Faruk TÜRKOĞLU
Enflasyon konusunda somut politikalarını ve önlemlerini henüz açıklamayan koalisyonun imdadına, yaz ayları yetişecek. En ağır kriz yıllarında bile, enflasyon oranları yaz aylarında düşük düzeyde seyrettiği için, hükümetin tutarlı önlemler almak için eylül ayına kadar zamanı olacak. Enflasyonu yükseltecek ve düşürecek faktörler, şu sıralarda eşit ağırlıkta. Bu nedenle eylül ayına kadar yıllık oranlarda önemli bir değişiklik beklenmiyor. Eylül ekim aylarında ise fiyatlar, mevsim nedeniyle tırmanma eğilimine girecek. Bu iki aydaki oranlar, 1998 düzeyinin altında kalırsa, etkileme gücünün en az olduğu sektörlerde ortaya çıkıyor. Örneğin tekstilde, yaz indiriminden sonra kışlık giysilerin fiyatı sektör koşullarına göre belirleniyor. Hükümetin, yakacak fiyatları ve özel okul bedelleri gibi dünya piyasalarında oluşan ham petrol ithalat fiyatlarına bağımlı olacak.
Hükümetin, enflasyonun eylül sınavından geçmesi, ancak piyasalara ve tüketicilere güven verici önlemleri alması ile mümkün olacak. Yapısal reformlara başlanması, faizlerin bir ölçüde gerileme eğilimine girmesi, genel psikolojik iklimi iyileştireceği için, enflasyon konusunda da başarı ihtimali artacak.
Güvenoylamasına hazırlanan hükümetin enflasyon konusunda şu enerjik önlemleri alması düşüş eğilimini güçlendirecek:
*KİT ürünlerine zamların, küçük oranlarda yapılması ve şok zamlardan kaçınılması şart. KİT'lerde maliyet düşürücü önlemlerin uygulamaya sokulması da yararlı olur.
*Başbakanın, enflasyon konusundaki kararlılığını iş dünyasına ve kamuoyuna açık ve net bir şekilde vurgulaması etkili olabilir.
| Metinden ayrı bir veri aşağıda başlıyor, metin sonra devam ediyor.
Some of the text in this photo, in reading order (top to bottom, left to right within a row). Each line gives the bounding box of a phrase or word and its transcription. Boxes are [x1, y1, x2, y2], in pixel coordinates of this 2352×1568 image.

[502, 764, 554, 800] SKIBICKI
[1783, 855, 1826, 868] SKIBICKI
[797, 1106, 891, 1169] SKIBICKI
*Büyüme ve enflasyon konusundaki önlemlerin ince ayar şeklinde olması zorunlu. Para ve maliye politikalarındaki ani ve şoke edici değişiklikler, bir çuval inciri berbat eder.
*1999 enflasyonu için yıl sonu hedefi yüzde 35, ortalama olarak ise yüzde 44 olarak belirlenmişti. Bu hedeflere ulaşmak imkânı yok gibi. Bu hedeflerin makul düzeylere çıkarılarak revize edilmesi, piyasalara güven verecek. Hayali hedefler açıklandığında, piyasalar bildiğini okuyor.
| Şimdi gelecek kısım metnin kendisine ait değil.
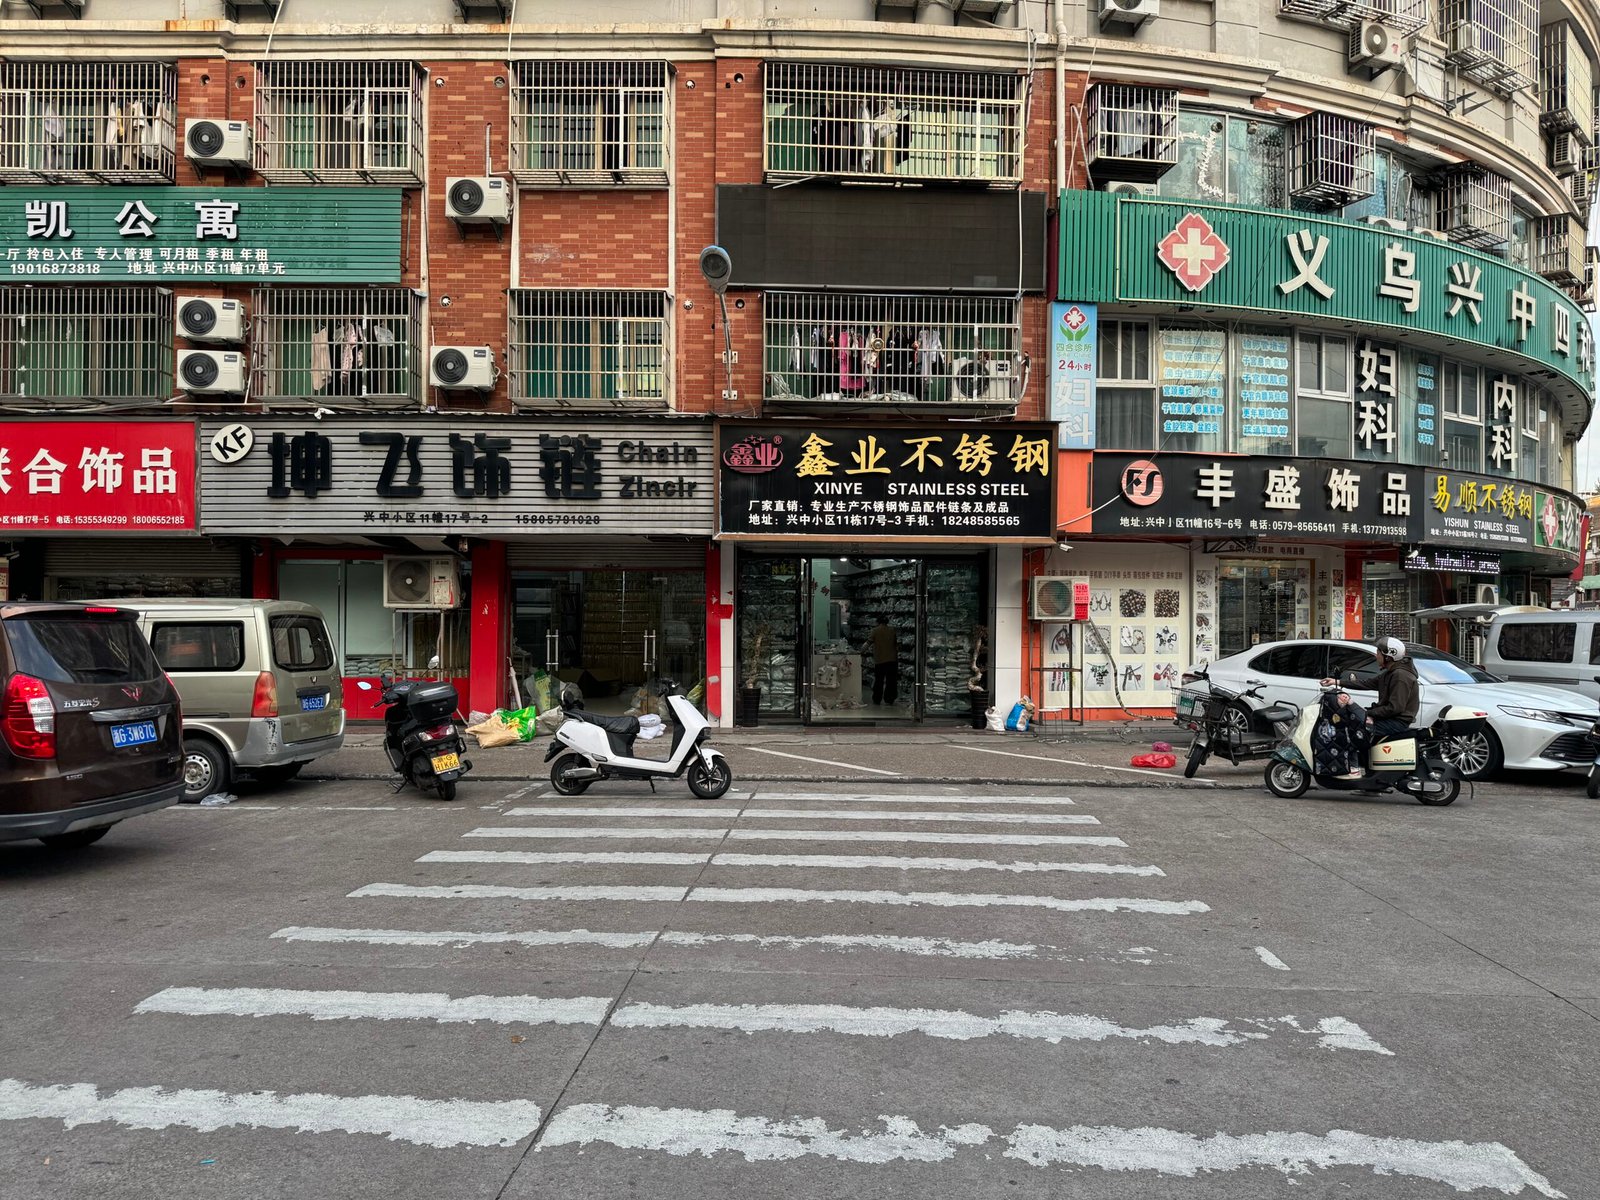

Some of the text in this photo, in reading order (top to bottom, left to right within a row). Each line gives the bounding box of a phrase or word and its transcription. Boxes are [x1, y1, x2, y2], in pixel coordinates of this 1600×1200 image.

[25, 199, 240, 240] 凯公寓
[26, 247, 84, 260] 拎包入住
[94, 247, 153, 260] 专人管理
[159, 247, 199, 260] 可月租
[206, 248, 234, 260] 季租
[240, 248, 269, 261] 年租
[10, 261, 286, 275] 19016873818 地址 兴中小区11幢17单元
[1058, 359, 1092, 371] 24小时
[1358, 339, 1396, 453] 妇科
[1055, 375, 1093, 446] 妇科
[1492, 374, 1518, 472] 内科
[213, 426, 247, 460] KF
[617, 440, 698, 463] Chain
[794, 431, 1050, 478] 鑫业不锈钢
[618, 474, 698, 498] Zincir
[814, 482, 1029, 496] XINYE STAINLESS STEEL
[1197, 462, 1411, 516] 丰盛饰品
[1432, 475, 1532, 520] 易顺不锈钢
[132, 515, 185, 524] 18006552185
[515, 513, 601, 525] 15805791028
[1444, 517, 1521, 535] YISHUN STAINLESS STEEL
*2000 yılı enflasyon hedefi, tepeden inme bir şekilde değil de meslek kuruluşlarının ve sendikaların görüşü alınarak belirlendiği takdirde, enflasyonu düşürme programında aşama kaydetmek imkânı dahiline girer.
Enflasyon bugünkü düzeylerinde kalacak gibi...
Enflasyonun yükselmesini engelleyecek faktörler
* Yeni hükümet sıkı para politikasını devam ettirmekte kararlı görünüyor.
* Talepte olası bir canlanma durumunda bile firmalar fiyatları otomatik olarak yükseltmekten çekinecek. Talep arttığında fiyat yükselten firmalar, pazar paylarını kaybetme tehlikesi yaşayacak.
* Ufukta bir ham petrol fiyatı artışı görünmüyor. Petrol tüketicisi ülkelerin büyük bölümü, artık yaz aylarına giren kuzey yarımkürede. Bu ülkelerde de talep mevsimlik olarak geriliyor.
* Döviz kurlarındaki artış oranları, enflasyon oranlarına yakın düzeylerde seyrediyor.
*Katsayı artışının da enflasyon oranının biraz üstünde kalacağı ve mevcut dengeleri bozmayacağı tahmin ediliyor.
* Tüketici endeksindeki kira, eğitim ve sağlık bedellerindeki artış oranı, genel enflasyon oranının üstünde.
* Gıda fiyatlarındaki mevsimlik gevşeme eğilimi çok güçlü değil.
* Bazı sektörlerdeki rekabet eksikliği, fiyatların düşmesini engelliyor.
* Durgunluk üretim ve arzı da azalttığı için, iç talebin gerilemesi, fiyatlar üzerinde geriletici etki yapamıyor.